IT Agility: Making Better Use Of Power Monitoring Data
Every year, IT has to do more — manage more servers, smart devices, apps, and services. Endusers continually raise the bar, demanding more performance and better response times. And while everything about the modern data center is growing, IT headcounts and operating expense budgets remain the same or shrink. Data center managers and their teams must continually find ways to work smarter and reduce the biggest expense items. Since energy costs have risen to the top of the list, looking for ways to consolidate and reduce power consumption is a good place to start.
Virtualization and cloud technologies have helped, making it possible for IT to more cost-effectively build and manage more energy-efficient data centers. However, with all of the attention focused on the high-level data center models, it can be easy to overlook some of the significant advancements at the hardware level. The latest servers, storage devices, switches, racks, power distribution units, cooling equipment, air handlers, and the myriad of other components are all feeding status information onto the network. Servers, in particular, have also evolved to give remote IT teams many new, fine-grained monitoring and control options.
At first glance, the built-in network-based monitoring and control functions are interesting, but IT teams certainly can’t afford to be continually querying and adjusting individual devices. Manually collecting enough data points to identify patterns and trends would be even more impractical. Solution providers have consequently evolved system consoles and data center dashboards to take advantage of middleware technology that automates the collection, aggregation, reporting, and logging of a broad range of device status information.

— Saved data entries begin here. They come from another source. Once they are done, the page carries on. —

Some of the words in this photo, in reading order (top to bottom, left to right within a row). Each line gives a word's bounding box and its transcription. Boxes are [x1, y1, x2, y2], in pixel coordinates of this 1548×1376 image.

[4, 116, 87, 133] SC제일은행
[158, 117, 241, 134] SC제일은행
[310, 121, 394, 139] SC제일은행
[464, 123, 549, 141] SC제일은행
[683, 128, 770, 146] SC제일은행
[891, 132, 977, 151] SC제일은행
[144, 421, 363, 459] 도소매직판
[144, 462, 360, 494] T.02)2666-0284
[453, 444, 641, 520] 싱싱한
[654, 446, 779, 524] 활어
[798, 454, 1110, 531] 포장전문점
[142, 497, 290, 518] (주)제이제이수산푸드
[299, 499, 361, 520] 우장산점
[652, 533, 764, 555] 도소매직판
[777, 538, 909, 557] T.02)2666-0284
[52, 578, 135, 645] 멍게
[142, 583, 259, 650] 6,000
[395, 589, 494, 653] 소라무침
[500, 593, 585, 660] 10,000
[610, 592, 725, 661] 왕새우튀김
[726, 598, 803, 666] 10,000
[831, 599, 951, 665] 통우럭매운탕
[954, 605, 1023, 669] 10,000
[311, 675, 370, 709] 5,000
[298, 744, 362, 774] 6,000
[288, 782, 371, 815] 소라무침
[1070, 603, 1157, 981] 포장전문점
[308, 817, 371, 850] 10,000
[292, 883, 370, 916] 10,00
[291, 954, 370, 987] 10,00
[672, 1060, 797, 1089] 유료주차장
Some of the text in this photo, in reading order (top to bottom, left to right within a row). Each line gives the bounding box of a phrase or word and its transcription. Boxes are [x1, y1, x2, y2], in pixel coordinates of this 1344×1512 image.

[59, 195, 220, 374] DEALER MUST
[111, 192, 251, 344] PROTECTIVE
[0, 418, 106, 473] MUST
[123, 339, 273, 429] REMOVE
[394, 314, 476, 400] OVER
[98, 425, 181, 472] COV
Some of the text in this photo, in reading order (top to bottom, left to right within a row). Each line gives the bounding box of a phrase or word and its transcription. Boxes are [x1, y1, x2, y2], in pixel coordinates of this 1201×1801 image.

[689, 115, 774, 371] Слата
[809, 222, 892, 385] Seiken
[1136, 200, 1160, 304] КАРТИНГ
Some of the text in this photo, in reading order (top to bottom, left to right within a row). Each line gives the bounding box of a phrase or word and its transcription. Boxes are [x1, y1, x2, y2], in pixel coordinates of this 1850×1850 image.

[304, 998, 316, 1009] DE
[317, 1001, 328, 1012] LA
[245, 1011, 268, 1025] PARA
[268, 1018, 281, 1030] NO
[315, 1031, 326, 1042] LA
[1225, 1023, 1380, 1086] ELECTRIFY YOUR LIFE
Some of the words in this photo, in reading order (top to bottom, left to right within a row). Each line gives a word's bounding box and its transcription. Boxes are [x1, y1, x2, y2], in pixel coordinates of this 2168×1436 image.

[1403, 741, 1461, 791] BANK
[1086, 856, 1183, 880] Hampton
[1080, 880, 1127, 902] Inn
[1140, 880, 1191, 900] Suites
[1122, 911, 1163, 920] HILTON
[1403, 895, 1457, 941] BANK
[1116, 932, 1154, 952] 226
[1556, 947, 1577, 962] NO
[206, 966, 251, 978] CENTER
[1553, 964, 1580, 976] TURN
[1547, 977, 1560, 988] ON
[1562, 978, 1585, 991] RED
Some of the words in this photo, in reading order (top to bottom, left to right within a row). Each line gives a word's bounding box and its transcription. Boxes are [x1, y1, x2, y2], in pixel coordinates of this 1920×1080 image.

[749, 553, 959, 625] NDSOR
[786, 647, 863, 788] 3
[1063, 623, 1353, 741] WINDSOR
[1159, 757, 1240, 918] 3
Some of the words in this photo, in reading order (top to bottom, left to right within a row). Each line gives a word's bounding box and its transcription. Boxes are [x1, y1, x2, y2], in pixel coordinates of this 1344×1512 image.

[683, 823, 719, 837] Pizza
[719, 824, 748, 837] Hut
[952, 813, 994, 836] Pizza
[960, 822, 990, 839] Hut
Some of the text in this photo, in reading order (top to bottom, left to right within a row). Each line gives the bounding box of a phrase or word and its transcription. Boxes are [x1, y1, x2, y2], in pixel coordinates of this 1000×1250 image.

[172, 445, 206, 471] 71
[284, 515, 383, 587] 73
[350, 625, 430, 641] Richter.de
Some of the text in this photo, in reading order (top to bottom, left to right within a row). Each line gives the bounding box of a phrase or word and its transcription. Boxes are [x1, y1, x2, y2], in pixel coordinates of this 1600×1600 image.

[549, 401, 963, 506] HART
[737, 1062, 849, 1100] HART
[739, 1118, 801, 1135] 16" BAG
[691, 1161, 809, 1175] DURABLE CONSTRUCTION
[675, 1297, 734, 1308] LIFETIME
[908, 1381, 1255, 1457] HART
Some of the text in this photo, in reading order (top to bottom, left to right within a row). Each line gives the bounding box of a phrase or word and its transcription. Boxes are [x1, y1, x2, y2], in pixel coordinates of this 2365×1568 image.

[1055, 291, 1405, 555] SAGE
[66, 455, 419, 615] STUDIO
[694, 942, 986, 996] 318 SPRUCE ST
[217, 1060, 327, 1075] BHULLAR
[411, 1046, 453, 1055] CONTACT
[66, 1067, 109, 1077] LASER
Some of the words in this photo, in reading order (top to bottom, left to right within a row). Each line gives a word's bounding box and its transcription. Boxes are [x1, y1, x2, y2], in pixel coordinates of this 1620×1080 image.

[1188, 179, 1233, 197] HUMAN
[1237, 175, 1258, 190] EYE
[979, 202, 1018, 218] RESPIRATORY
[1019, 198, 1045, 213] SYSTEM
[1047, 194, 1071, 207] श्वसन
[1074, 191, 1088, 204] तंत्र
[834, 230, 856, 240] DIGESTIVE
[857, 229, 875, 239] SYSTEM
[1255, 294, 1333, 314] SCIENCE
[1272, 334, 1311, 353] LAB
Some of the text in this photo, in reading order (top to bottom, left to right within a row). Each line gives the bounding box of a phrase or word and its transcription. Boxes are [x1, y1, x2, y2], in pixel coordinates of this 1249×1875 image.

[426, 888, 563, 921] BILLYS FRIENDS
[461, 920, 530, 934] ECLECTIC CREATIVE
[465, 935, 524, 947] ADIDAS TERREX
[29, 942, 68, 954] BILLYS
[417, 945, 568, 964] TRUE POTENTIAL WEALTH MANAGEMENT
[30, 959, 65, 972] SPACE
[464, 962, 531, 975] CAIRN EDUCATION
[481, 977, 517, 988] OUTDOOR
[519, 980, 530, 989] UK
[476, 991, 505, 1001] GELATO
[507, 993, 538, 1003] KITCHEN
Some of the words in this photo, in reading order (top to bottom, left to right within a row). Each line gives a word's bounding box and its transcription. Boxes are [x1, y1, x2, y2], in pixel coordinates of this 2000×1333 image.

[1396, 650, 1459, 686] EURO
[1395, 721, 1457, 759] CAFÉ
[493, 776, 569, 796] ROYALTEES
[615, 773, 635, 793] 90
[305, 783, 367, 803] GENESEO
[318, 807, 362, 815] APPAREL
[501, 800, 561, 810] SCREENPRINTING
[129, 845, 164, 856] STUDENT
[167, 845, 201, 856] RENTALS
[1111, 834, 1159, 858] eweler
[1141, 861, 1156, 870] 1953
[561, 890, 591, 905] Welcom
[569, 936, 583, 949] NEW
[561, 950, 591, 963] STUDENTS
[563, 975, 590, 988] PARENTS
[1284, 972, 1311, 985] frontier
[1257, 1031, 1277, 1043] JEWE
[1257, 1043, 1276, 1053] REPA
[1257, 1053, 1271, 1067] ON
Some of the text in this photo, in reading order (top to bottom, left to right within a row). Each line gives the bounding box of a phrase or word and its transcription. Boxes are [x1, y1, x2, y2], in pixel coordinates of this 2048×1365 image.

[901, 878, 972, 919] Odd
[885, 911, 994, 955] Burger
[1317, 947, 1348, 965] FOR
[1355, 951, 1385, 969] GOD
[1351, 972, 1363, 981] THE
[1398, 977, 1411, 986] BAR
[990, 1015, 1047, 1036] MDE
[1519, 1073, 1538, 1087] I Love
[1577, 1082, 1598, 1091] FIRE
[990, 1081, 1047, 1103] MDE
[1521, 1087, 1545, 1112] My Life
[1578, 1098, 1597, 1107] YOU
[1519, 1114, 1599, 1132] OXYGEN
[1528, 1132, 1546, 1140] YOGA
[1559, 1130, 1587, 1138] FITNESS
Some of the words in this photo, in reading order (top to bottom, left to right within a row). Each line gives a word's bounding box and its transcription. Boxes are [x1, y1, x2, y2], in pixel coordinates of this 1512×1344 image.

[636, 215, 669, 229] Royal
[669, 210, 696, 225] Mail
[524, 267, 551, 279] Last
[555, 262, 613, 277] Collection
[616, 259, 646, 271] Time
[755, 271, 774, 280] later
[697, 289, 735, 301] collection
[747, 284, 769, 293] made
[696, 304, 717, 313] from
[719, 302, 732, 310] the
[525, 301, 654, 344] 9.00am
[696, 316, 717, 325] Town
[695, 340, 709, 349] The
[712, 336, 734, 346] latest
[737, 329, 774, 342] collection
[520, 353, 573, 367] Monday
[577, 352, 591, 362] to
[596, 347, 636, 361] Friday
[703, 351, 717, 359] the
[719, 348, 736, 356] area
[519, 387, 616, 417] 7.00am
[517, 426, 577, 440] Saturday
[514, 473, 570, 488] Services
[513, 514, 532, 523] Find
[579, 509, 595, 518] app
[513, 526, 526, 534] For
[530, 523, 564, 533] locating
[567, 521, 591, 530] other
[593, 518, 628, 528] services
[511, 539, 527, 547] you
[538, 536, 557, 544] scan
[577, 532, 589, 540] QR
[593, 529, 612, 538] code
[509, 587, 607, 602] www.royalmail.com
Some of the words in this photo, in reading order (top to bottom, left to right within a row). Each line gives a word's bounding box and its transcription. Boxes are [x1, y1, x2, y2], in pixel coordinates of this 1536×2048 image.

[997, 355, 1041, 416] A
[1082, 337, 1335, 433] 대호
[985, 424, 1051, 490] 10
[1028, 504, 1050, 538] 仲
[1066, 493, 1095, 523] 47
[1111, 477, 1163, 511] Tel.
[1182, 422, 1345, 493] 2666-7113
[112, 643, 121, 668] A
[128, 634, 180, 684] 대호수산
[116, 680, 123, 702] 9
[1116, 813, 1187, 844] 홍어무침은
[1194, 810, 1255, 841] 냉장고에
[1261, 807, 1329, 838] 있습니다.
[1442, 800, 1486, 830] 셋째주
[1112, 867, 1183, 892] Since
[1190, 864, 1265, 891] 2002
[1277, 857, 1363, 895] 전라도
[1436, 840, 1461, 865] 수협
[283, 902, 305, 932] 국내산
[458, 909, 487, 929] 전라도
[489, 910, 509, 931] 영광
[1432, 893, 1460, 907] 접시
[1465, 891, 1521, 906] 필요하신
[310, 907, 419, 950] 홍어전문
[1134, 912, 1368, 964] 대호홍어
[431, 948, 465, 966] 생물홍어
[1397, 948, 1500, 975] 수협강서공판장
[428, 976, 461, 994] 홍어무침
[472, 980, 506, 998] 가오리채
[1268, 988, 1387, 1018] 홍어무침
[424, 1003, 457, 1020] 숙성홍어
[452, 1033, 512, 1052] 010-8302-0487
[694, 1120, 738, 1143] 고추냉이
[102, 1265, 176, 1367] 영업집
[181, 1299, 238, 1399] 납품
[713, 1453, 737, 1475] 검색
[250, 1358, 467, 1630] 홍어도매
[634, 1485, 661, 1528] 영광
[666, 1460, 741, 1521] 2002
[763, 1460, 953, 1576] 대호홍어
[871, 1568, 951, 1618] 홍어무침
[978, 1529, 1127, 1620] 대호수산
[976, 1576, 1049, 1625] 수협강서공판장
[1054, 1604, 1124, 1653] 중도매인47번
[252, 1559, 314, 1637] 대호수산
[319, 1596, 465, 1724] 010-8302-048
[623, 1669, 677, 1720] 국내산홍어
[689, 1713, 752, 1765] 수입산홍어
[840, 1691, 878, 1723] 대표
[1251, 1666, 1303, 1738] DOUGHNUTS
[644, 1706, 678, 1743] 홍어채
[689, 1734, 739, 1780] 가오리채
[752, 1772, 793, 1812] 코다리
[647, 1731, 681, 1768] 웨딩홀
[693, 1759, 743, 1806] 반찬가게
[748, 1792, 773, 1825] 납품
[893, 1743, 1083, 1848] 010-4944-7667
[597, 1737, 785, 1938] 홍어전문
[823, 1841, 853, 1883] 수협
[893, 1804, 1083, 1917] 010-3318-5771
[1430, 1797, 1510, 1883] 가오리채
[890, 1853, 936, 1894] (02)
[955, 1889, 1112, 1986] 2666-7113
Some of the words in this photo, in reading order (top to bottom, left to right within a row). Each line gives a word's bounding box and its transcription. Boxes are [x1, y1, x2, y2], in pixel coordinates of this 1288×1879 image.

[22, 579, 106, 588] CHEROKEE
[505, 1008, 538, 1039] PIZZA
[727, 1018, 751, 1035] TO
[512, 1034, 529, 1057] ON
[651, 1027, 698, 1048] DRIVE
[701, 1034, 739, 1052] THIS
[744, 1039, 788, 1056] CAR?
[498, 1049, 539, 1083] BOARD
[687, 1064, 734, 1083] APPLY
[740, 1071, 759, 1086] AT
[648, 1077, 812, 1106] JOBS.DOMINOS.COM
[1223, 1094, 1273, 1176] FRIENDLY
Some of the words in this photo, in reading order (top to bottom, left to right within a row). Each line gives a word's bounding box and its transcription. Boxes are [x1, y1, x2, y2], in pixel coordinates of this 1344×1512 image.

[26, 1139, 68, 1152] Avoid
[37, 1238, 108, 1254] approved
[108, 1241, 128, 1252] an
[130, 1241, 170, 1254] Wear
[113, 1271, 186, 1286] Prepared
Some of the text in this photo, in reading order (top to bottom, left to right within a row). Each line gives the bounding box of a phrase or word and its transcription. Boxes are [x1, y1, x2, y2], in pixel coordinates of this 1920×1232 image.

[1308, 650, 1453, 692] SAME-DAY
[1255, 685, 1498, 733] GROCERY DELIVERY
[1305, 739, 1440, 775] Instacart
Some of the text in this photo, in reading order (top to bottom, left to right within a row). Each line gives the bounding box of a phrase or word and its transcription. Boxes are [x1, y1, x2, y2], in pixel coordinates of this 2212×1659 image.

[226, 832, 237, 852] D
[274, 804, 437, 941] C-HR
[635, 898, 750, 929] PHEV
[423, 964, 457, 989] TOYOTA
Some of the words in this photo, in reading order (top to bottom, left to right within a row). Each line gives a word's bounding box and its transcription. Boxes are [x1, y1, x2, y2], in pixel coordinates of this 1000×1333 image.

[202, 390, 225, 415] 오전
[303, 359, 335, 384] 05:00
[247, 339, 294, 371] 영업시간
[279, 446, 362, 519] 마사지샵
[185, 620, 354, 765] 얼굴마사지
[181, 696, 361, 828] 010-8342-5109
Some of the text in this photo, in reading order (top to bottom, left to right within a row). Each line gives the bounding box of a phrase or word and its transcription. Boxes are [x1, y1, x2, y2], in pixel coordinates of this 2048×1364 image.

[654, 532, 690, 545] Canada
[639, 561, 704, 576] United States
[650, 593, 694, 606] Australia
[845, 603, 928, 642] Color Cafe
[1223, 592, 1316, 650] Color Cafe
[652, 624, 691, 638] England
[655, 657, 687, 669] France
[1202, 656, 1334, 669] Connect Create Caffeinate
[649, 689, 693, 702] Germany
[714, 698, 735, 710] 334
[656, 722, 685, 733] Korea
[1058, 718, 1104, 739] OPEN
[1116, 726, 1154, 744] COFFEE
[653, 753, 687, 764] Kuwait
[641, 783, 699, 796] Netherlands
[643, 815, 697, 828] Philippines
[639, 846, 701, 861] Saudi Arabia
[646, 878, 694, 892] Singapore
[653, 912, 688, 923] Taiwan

Many of the world’s largest data centers now take advantage of this type of all-software data center instrumentation. Highly automated IT practices include monitoring real-time server inlet temperatures and power consumption data from rack/blade servers, PDUs, and UPSs. Airflow is also monitored.
Best-in-class holistic energy management solutions consume this information and turn it into energy and thermal maps of individual server rooms and data centers. Combined with control capabilities such as power capping and dynamic server frequency adjustments, the aggregated intelligence is helping data center and facilities teams better understand and manage energy costs, and make better decisions.
For example, the real-time power data improves capacity planning. In the past, IT had to rely on the manufacturer’s specifications for peak power, estimate a de-rated power specification, or carry out bench tests with simulated workloads. With logged power consumption data gathered from production servers, IT can now more confidently and aggressively provision new servers and racks. Power capping capabilities, another feature available with today’s modern servers, can be applied to make sure that the more densely populated racks do not exceed the maximums. Without the risk of subjecting equipment to damaging power spikes, the higher rack densities ultimately reduce the number of required racks as well as floor space and cooling.
Besides more accurate capacity planning, making use of the available power, temperature, and airflow status supports improved:
- Better data center operations. Besides identifying hot spots, thermal maps can point out overly cooled aisles. IT and facilities teams can also take advantage of increased visibility of power and temperature behaviors to adjust the ambient temperature in server rooms. Since a single degree increase translates to significant annual savings in term of cooling costs, many data centers are embracing hotter room levels, especially since modern servers and data center equipment is rated for higher temperatures.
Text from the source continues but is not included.